(Source records begins)

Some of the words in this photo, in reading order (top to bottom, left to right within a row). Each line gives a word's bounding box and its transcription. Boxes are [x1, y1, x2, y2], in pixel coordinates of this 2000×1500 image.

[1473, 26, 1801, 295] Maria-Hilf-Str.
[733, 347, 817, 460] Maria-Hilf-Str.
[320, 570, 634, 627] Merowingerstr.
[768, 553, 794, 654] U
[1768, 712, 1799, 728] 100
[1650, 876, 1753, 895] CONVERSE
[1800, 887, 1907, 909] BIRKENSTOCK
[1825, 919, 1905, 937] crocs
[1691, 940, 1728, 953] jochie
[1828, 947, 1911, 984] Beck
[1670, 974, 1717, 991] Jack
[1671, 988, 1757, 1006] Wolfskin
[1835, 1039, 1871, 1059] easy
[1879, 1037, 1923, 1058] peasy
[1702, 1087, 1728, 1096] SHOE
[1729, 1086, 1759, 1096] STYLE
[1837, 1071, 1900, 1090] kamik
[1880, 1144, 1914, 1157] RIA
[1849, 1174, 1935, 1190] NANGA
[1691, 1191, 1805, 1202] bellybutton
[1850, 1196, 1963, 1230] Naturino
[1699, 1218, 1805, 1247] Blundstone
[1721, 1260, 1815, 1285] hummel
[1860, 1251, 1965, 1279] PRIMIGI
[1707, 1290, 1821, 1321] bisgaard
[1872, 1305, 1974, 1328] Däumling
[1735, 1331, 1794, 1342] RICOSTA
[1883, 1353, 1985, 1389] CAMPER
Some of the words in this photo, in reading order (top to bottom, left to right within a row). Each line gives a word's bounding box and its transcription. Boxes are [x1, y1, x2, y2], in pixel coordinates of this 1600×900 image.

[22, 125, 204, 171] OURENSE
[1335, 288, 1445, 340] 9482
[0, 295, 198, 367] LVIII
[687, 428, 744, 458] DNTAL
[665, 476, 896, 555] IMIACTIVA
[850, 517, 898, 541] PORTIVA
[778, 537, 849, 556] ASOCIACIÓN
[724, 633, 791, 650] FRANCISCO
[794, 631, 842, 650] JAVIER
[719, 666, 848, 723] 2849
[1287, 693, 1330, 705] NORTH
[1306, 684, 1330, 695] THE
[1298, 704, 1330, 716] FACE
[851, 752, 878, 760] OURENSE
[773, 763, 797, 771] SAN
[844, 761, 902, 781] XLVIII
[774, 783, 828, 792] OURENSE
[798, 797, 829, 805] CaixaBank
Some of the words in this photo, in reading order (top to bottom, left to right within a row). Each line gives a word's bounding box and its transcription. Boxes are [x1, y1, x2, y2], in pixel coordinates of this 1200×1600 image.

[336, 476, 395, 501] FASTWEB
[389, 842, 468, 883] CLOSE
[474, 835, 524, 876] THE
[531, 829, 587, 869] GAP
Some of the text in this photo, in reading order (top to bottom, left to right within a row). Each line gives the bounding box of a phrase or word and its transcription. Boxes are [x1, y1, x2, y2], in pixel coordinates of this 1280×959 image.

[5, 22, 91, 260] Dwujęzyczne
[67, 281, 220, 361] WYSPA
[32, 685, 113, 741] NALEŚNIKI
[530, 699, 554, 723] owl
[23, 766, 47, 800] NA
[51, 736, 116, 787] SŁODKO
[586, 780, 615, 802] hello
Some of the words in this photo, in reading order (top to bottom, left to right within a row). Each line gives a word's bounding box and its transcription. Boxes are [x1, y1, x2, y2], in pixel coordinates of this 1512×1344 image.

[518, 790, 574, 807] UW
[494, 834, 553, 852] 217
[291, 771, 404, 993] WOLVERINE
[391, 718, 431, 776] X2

(Source records ends)

Your goal. All of the records go in your answer, copied exactly.

Written response.
Some of the words in this photo, in reading order (top to bottom, left to right within a row). Each line gives a word's bounding box and its transcription. Boxes are [x1, y1, x2, y2], in pixel coordinates of this 2000×1500 image.

[1473, 26, 1801, 295] Maria-Hilf-Str.
[733, 347, 817, 460] Maria-Hilf-Str.
[320, 570, 634, 627] Merowingerstr.
[768, 553, 794, 654] U
[1768, 712, 1799, 728] 100
[1650, 876, 1753, 895] CONVERSE
[1800, 887, 1907, 909] BIRKENSTOCK
[1825, 919, 1905, 937] crocs
[1691, 940, 1728, 953] jochie
[1828, 947, 1911, 984] Beck
[1670, 974, 1717, 991] Jack
[1671, 988, 1757, 1006] Wolfskin
[1835, 1039, 1871, 1059] easy
[1879, 1037, 1923, 1058] peasy
[1702, 1087, 1728, 1096] SHOE
[1729, 1086, 1759, 1096] STYLE
[1837, 1071, 1900, 1090] kamik
[1880, 1144, 1914, 1157] RIA
[1849, 1174, 1935, 1190] NANGA
[1691, 1191, 1805, 1202] bellybutton
[1850, 1196, 1963, 1230] Naturino
[1699, 1218, 1805, 1247] Blundstone
[1721, 1260, 1815, 1285] hummel
[1860, 1251, 1965, 1279] PRIMIGI
[1707, 1290, 1821, 1321] bisgaard
[1872, 1305, 1974, 1328] Däumling
[1735, 1331, 1794, 1342] RICOSTA
[1883, 1353, 1985, 1389] CAMPER
Some of the words in this photo, in reading order (top to bottom, left to right within a row). Each line gives a word's bounding box and its transcription. Boxes are [x1, y1, x2, y2], in pixel coordinates of this 1600×900 image.

[22, 125, 204, 171] OURENSE
[1335, 288, 1445, 340] 9482
[0, 295, 198, 367] LVIII
[687, 428, 744, 458] DNTAL
[665, 476, 896, 555] IMIACTIVA
[850, 517, 898, 541] PORTIVA
[778, 537, 849, 556] ASOCIACIÓN
[724, 633, 791, 650] FRANCISCO
[794, 631, 842, 650] JAVIER
[719, 666, 848, 723] 2849
[1287, 693, 1330, 705] NORTH
[1306, 684, 1330, 695] THE
[1298, 704, 1330, 716] FACE
[851, 752, 878, 760] OURENSE
[773, 763, 797, 771] SAN
[844, 761, 902, 781] XLVIII
[774, 783, 828, 792] OURENSE
[798, 797, 829, 805] CaixaBank
Some of the words in this photo, in reading order (top to bottom, left to right within a row). Each line gives a word's bounding box and its transcription. Boxes are [x1, y1, x2, y2], in pixel coordinates of this 1200×1600 image.

[336, 476, 395, 501] FASTWEB
[389, 842, 468, 883] CLOSE
[474, 835, 524, 876] THE
[531, 829, 587, 869] GAP
Some of the text in this photo, in reading order (top to bottom, left to right within a row). Each line gives the bounding box of a phrase or word and its transcription. Boxes are [x1, y1, x2, y2], in pixel coordinates of this 1280×959 image.

[5, 22, 91, 260] Dwujęzyczne
[67, 281, 220, 361] WYSPA
[32, 685, 113, 741] NALEŚNIKI
[530, 699, 554, 723] owl
[23, 766, 47, 800] NA
[51, 736, 116, 787] SŁODKO
[586, 780, 615, 802] hello
Some of the words in this photo, in reading order (top to bottom, left to right within a row). Each line gives a word's bounding box and its transcription. Boxes are [x1, y1, x2, y2], in pixel coordinates of this 1512×1344 image.

[518, 790, 574, 807] UW
[494, 834, 553, 852] 217
[291, 771, 404, 993] WOLVERINE
[391, 718, 431, 776] X2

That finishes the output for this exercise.